Following former 49ers Quarterback Colin Kaepernick's 2016 protests against racial inequality, particularly with regards to the US' police system, 'taking the knee' became a symbol of protest within the NFL. When more and more players started to follow Kaepernick's lead, current US President Donald Trump caught wind of the protest, and in typical Trump fashion, managed to twist what was formerly a peaceful protest and turn it into something that it was never meant to be about.

Trump decided that taking the knee is disrespectful, saying that players who chose to take the knee were disrespecting their national anthem, their flag, their country and those who died fighting for it. Irrespective of the facts and refusing to listen to the players themselves, he went on to say that, in a nutshell, any player who takes the knee should be sacked. As if that wasn't enough, he then urged the public to boycott both the league and teams who participated in the protest - something which, sadly, some of his followers appear to have taken to heart.

The Protest

In a combined show of defiance, teams, players and coaches across the NFL proudly stood together and took the knee before Sunday's games. All but one of the Steelers stayed in the locker room and refused to come out onto the field during the national anthem. Players, coaching staff and even team owners stood and knelt on the field, linked arms, and displayed a sense of unity that rose above the usual inter-team rivalries. Even across the pond at Wembley, Jaguars owner Shahid Khan came out and stood arm in arm with his players, conveying his message and showing his support. On Sunday, the NFL stood as one to defy Trump's incendiary, bigoted views and to support the real cause behind the movement.

To President Trump and those following his lead: it's about time you opened your eyes to the real issues facing your country at this moment in time. And let me tell you - football players exercising their right to a peaceful protest is certainly not one of them.

A post shared by Lorna Holland (@themaxdog) on

The Game

Now that we've got the politics out the way, on with the review and the real reason for this post.

My fourth NFL game and the first in the 2017 London International series, the Baltimore Ravens were visiting Wembley as guests to their hosts the Jacksonville Jaguars. London's adopted team were looking hot and feeling fresh, coming off the back of their recent run of good luck over here in the UK, yet the Ravens were still widely tipped to be the victors in this match-up.

Somehow, though, the Ravens didn't seem to have arrived by the time of kick-off. Maybe they were jet-lagged (despite reportedly crossing the pond by boat) or maybe they just weren't used to playing outside the US, because the Jaguars had them by the scruff of the neck from the get-go.
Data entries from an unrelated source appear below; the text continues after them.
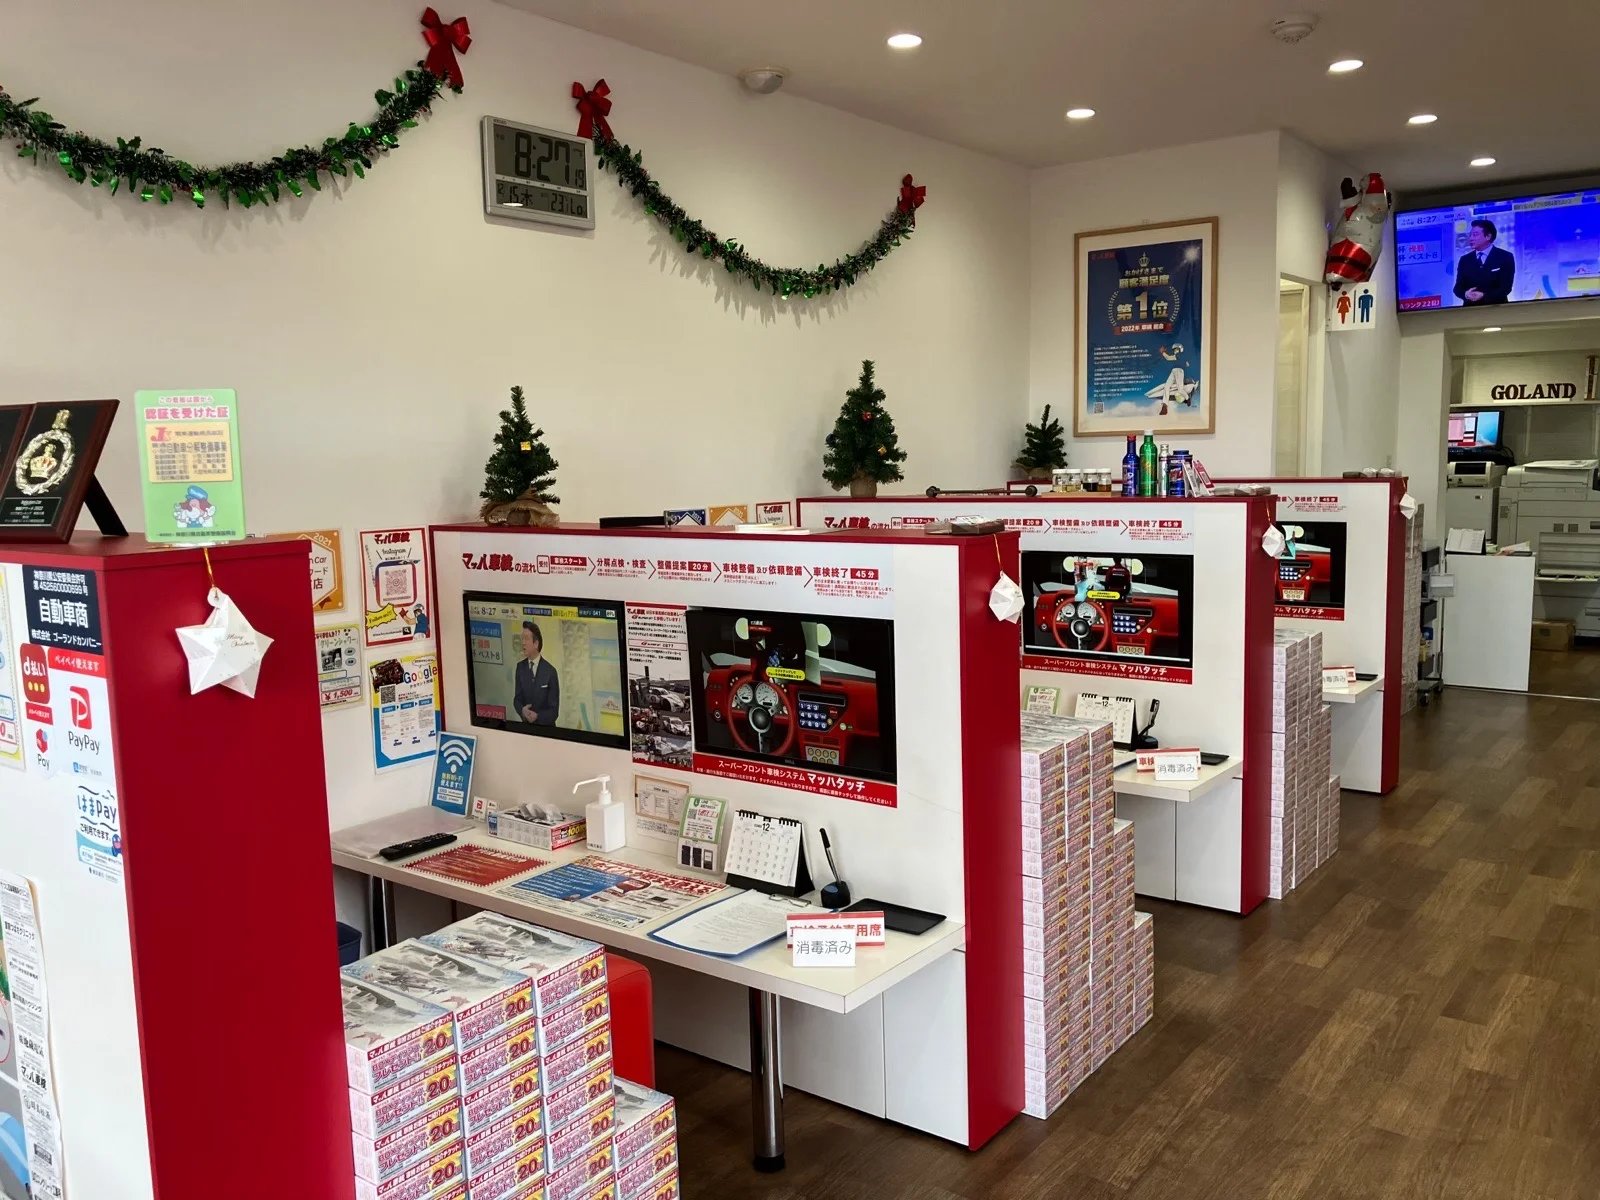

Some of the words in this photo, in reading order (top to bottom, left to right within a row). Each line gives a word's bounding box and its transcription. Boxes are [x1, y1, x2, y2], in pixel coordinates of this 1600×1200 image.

[515, 131, 570, 184] 8:27
[1409, 252, 1438, 261] ベスト8
[1119, 274, 1170, 289] 顧客満足度
[1117, 290, 1169, 321] 第1位
[1491, 383, 1577, 401] GOLAND
[145, 407, 229, 420] 認証を受けた証
[1128, 520, 1158, 528] 車検終了
[313, 532, 332, 547] 2021
[597, 558, 647, 569] 分解点検・検査
[657, 559, 688, 570] 整備提案
[692, 563, 709, 571] 20分
[813, 566, 849, 578] 車検終了
[855, 570, 875, 579] 45分
[39, 597, 89, 628] 自動車商
[481, 606, 497, 616] 8:27
[1285, 607, 1325, 615] マッハタッチ
[31, 629, 52, 642] 株式会社
[53, 632, 102, 648] ゴーランドカンパニー
[23, 656, 46, 676] d払い
[55, 655, 100, 672] ペイペイ使えます
[1119, 664, 1168, 676] マッハタッチ
[403, 664, 438, 684] Google
[68, 731, 100, 756] PayPay
[37, 753, 50, 772] Pay
[1157, 764, 1195, 774] 消毒済み
[718, 760, 806, 782] スーパーフロント車検システム
[807, 772, 866, 792] マッハタッチ
[77, 794, 117, 824] はまPay
[762, 822, 771, 832] 12
[796, 940, 853, 955] 消毒済み
[20, 1065, 47, 1092] マッハ車検
Featuring some outstanding Jags plays, passes and runs, by the end of the game, the home team had racked up an impressive 44 points. Compared to their opponent's measly 7, the Ravens' score came in the final stages of the game at the tail-end of the fourth quarter - too little, too late. In scenes similar to the 2015 International Series game between the Kansas City Chiefs and the Detroit Lions, one team was easily able to overpower and dominate the other.

The Result

Jacksonville QB Blake Bortles had a fantastic game, but his Ravens counterpart, Joe Flacco, couldn't have had a more different game if he'd tried. Suffering from incomplete pass after incomplete pass, not to mention the humiliation of sacks and two interceptions, the Ravens just couldn't seem to hit their stride.

A comfortable win for the Jags leaves them 2-1 in their season so far, yet Baltimore's lacklustre performance also leaves them 2-1 heading into week four. Wembley may have been a walkover win for Jacksonville and a disappointment for the many excited Ravens fans who travelled especially for this game, but from Ravens coach John Harbaugh's mouth, we're unlikely to see a return trip from Baltimore again in the near future.

Did you see the game? What did you think? Share your thoughts in the comments below!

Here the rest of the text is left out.